[Records from a dataset]

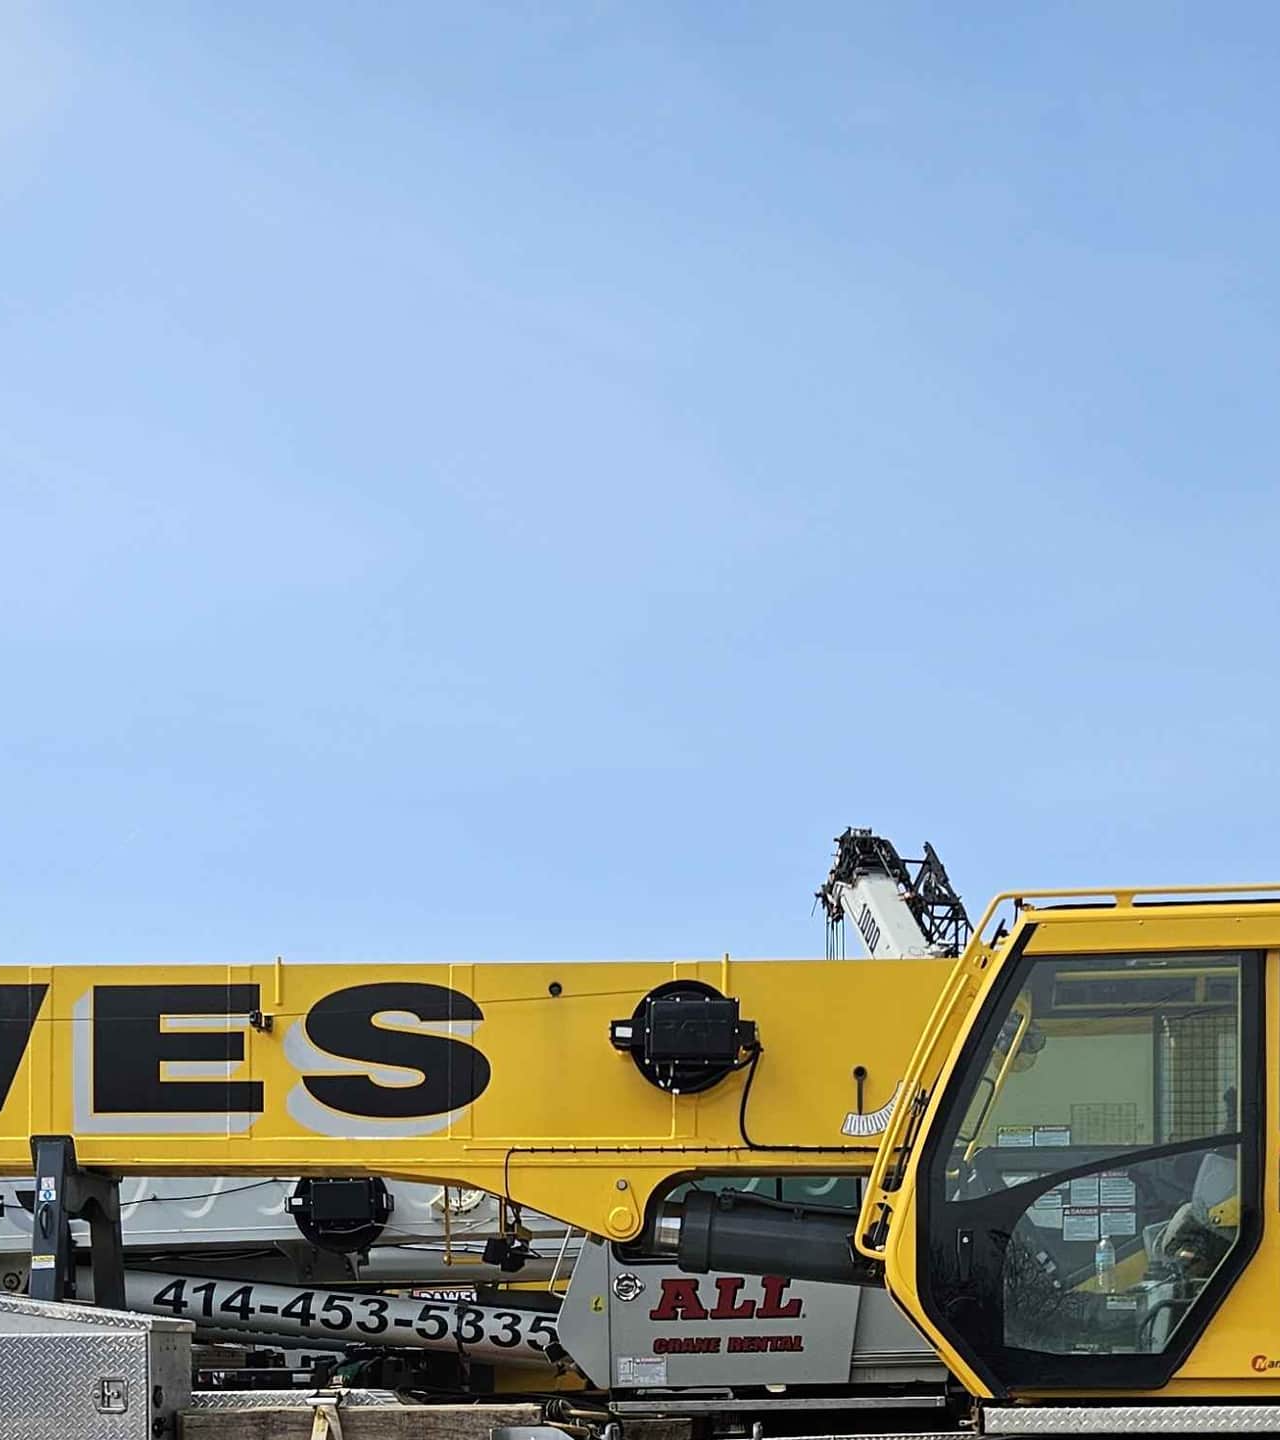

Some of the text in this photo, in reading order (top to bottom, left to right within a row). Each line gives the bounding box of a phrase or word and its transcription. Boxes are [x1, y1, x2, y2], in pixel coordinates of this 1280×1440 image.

[152, 1278, 560, 1352] 414-453-5335
[649, 1275, 803, 1321] ALL
[653, 1335, 805, 1354] CRANE RENTAL
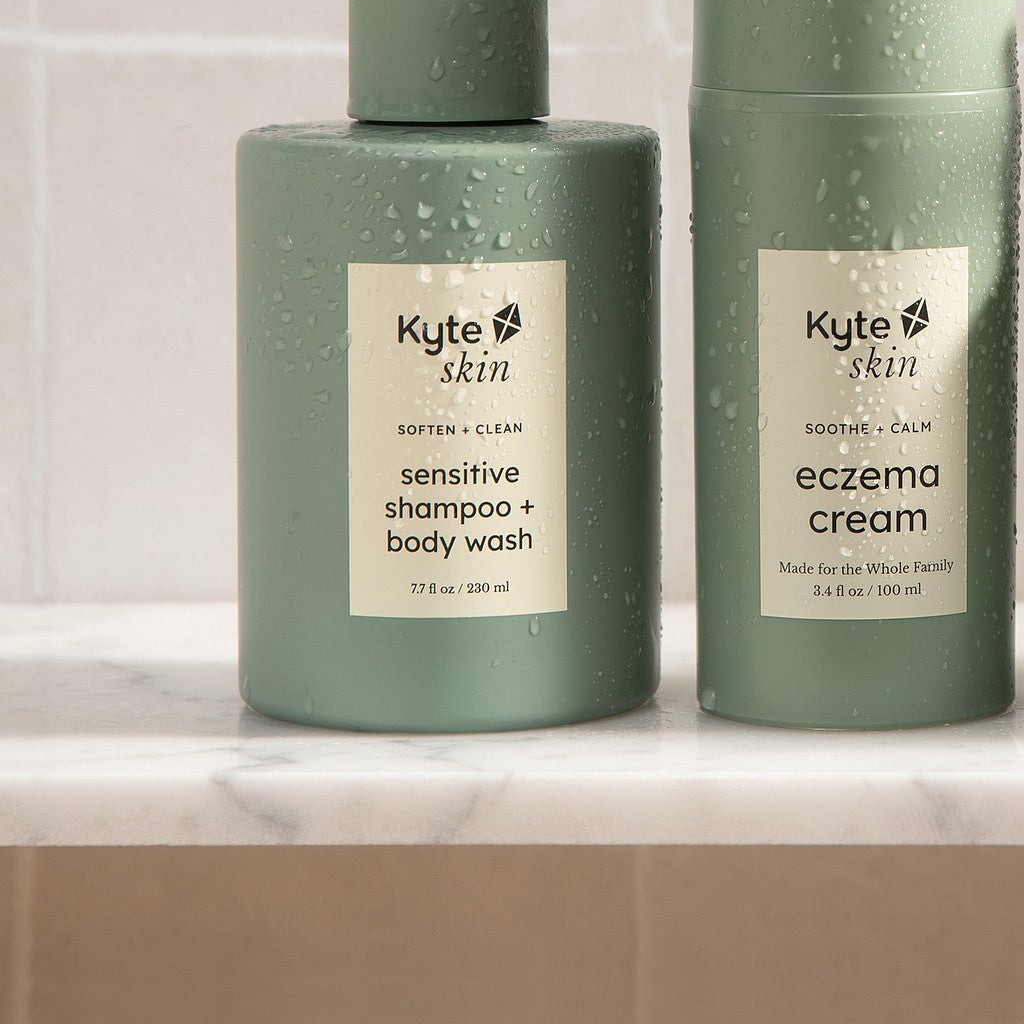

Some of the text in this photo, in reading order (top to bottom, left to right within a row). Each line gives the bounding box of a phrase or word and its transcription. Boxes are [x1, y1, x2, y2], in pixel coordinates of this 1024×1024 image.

[397, 314, 483, 357] Kyte
[806, 310, 891, 352] Kyte
[439, 350, 510, 384] skin
[848, 345, 919, 380] skin
[397, 422, 523, 436] SOFTEN + CLEAN
[805, 420, 932, 435] SOOTHE + CALM
[400, 460, 520, 486] sensitive
[795, 464, 940, 491] eczema
[384, 495, 535, 526] shampoo +
[808, 505, 928, 535] cream
[387, 527, 533, 560] body wash
[779, 558, 955, 576] Made for the Whole Family
[410, 580, 510, 595] 7.7 fl oz / 230 ml
[813, 582, 922, 597] 3.4 fl oz / 100 ml
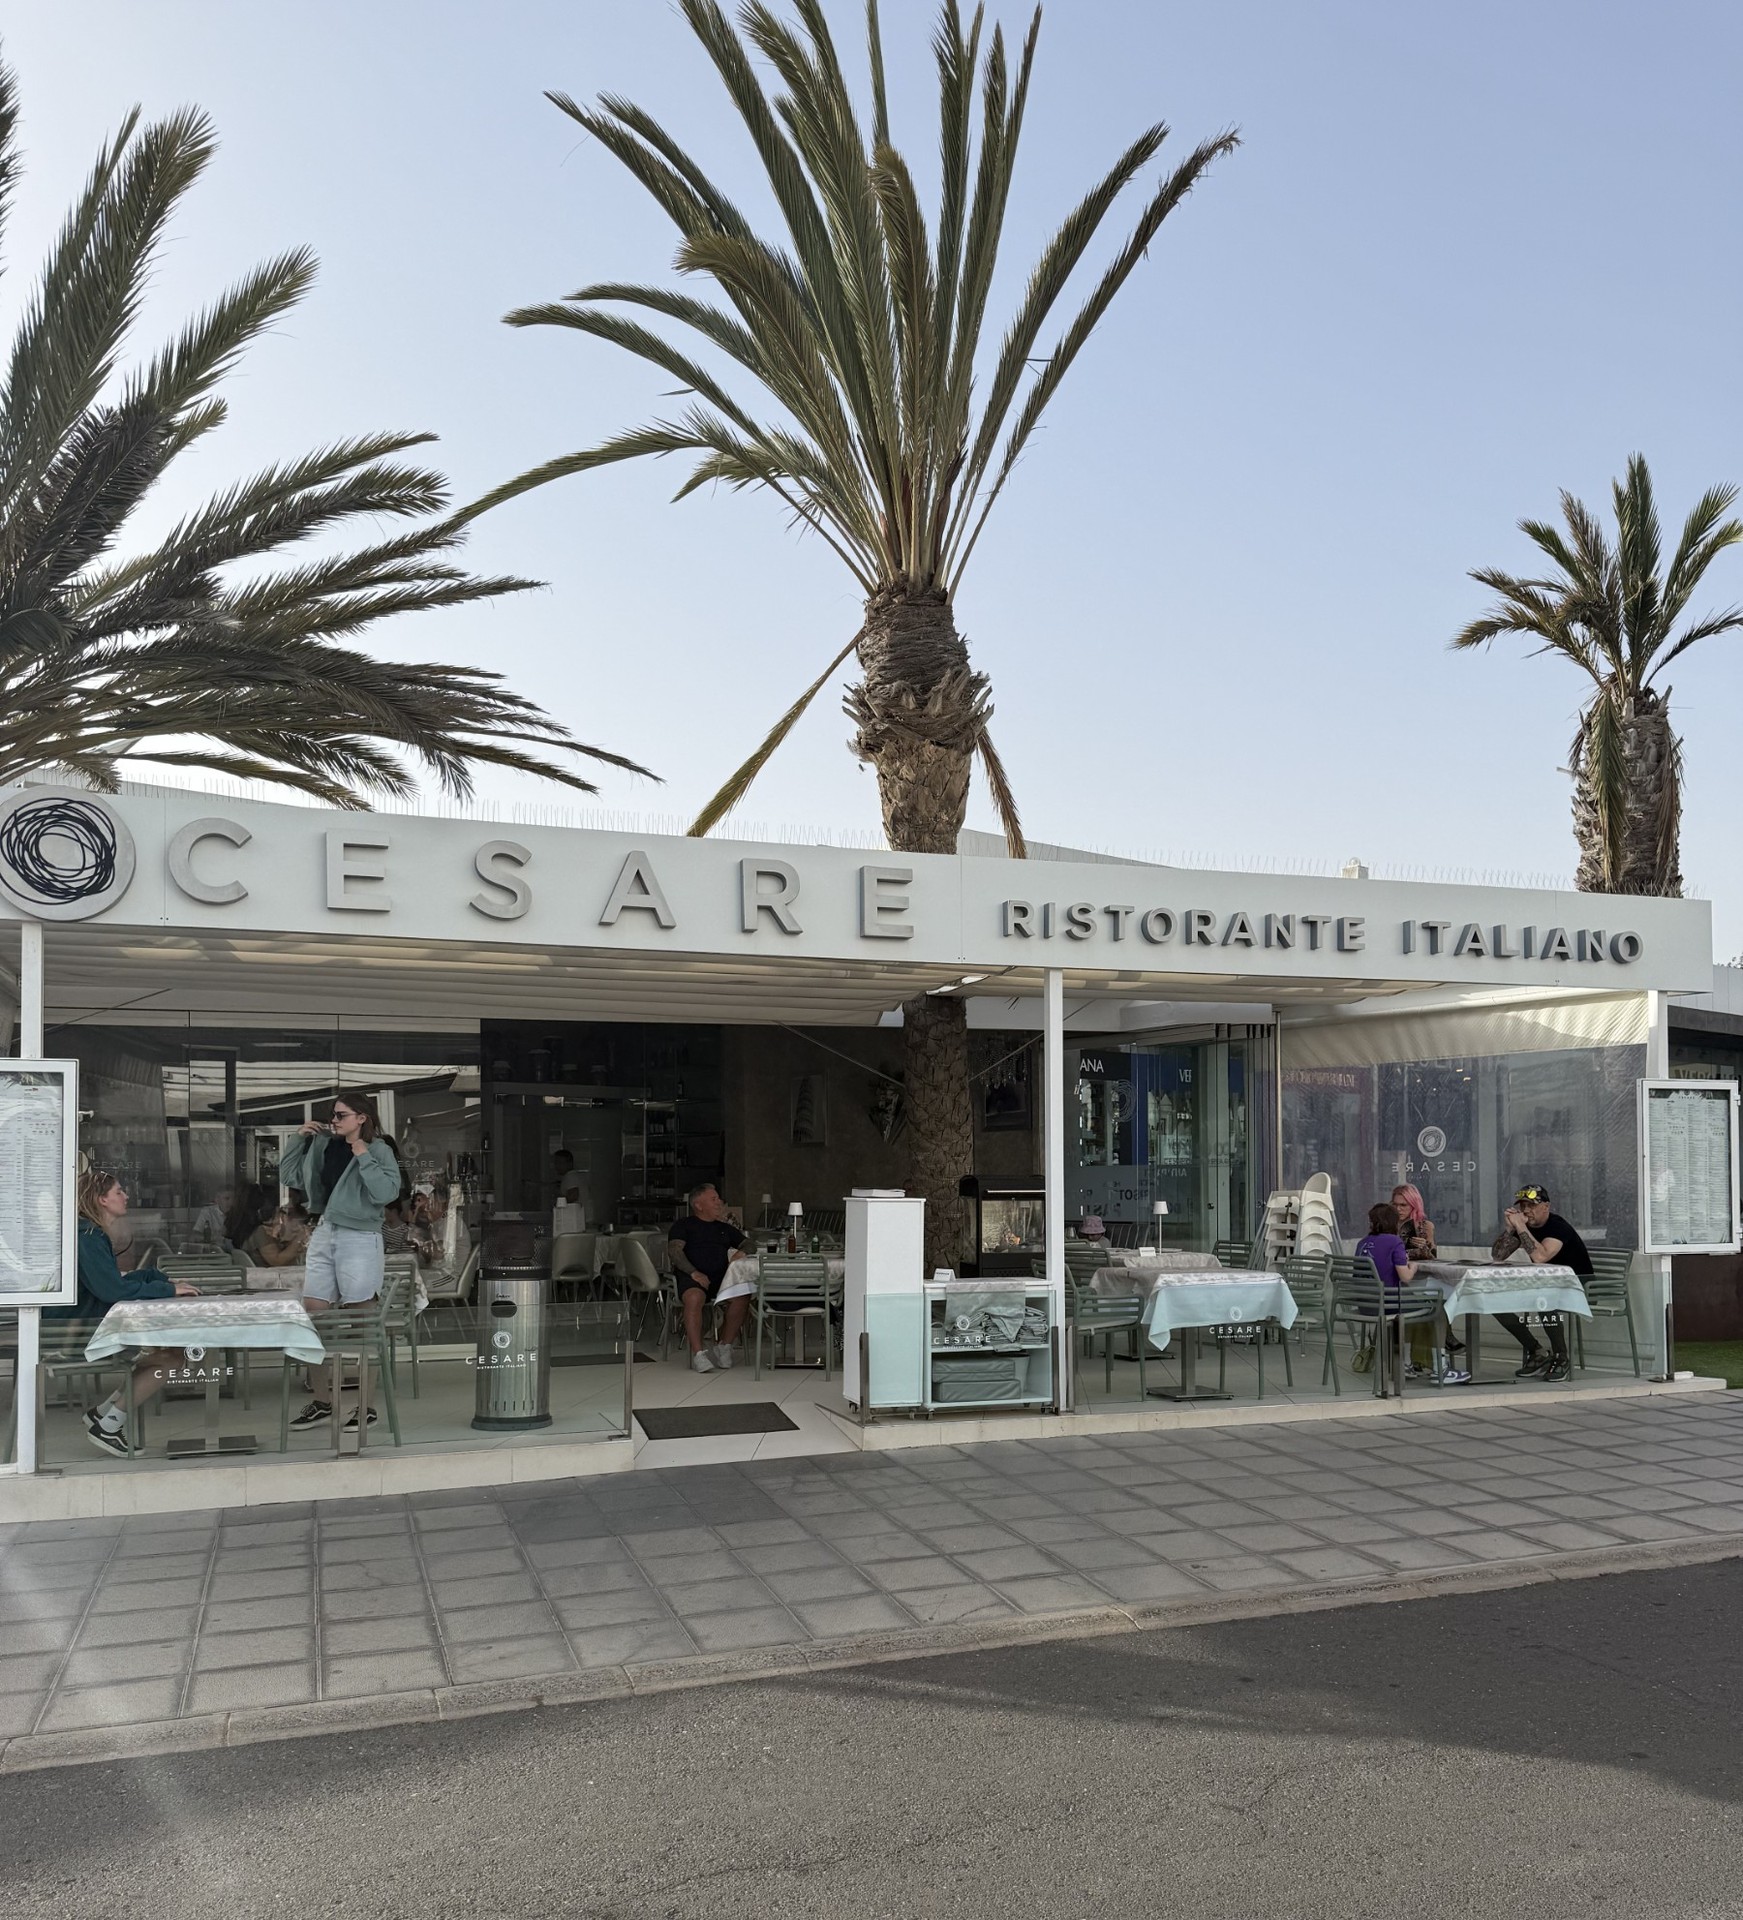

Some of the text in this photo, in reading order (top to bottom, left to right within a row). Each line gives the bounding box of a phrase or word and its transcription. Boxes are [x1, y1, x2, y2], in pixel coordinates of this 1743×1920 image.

Work required: Nothing but the lines from the one that holds "this 1024×1024 image." through the end of the data should appear, written out exactly, without pictures.

Finished task:
Some of the text in this photo, in reading order (top to bottom, left to right within a row). Each line gives the bounding box of a phrase or word and its transcription. Boxes are [x1, y1, x2, y2], in pixel coordinates of this 1024×1024 image.

[397, 314, 483, 357] Kyte
[806, 310, 891, 352] Kyte
[439, 350, 510, 384] skin
[848, 345, 919, 380] skin
[397, 422, 523, 436] SOFTEN + CLEAN
[805, 420, 932, 435] SOOTHE + CALM
[400, 460, 520, 486] sensitive
[795, 464, 940, 491] eczema
[384, 495, 535, 526] shampoo +
[808, 505, 928, 535] cream
[387, 527, 533, 560] body wash
[779, 558, 955, 576] Made for the Whole Family
[410, 580, 510, 595] 7.7 fl oz / 230 ml
[813, 582, 922, 597] 3.4 fl oz / 100 ml

Some of the text in this photo, in reading order (top to bottom, left to right within a row). Each line gives the bounding box of a phrase or word and its transcription. Boxes are [x1, y1, x2, y2], in pixel coordinates of this 1743×1920 image.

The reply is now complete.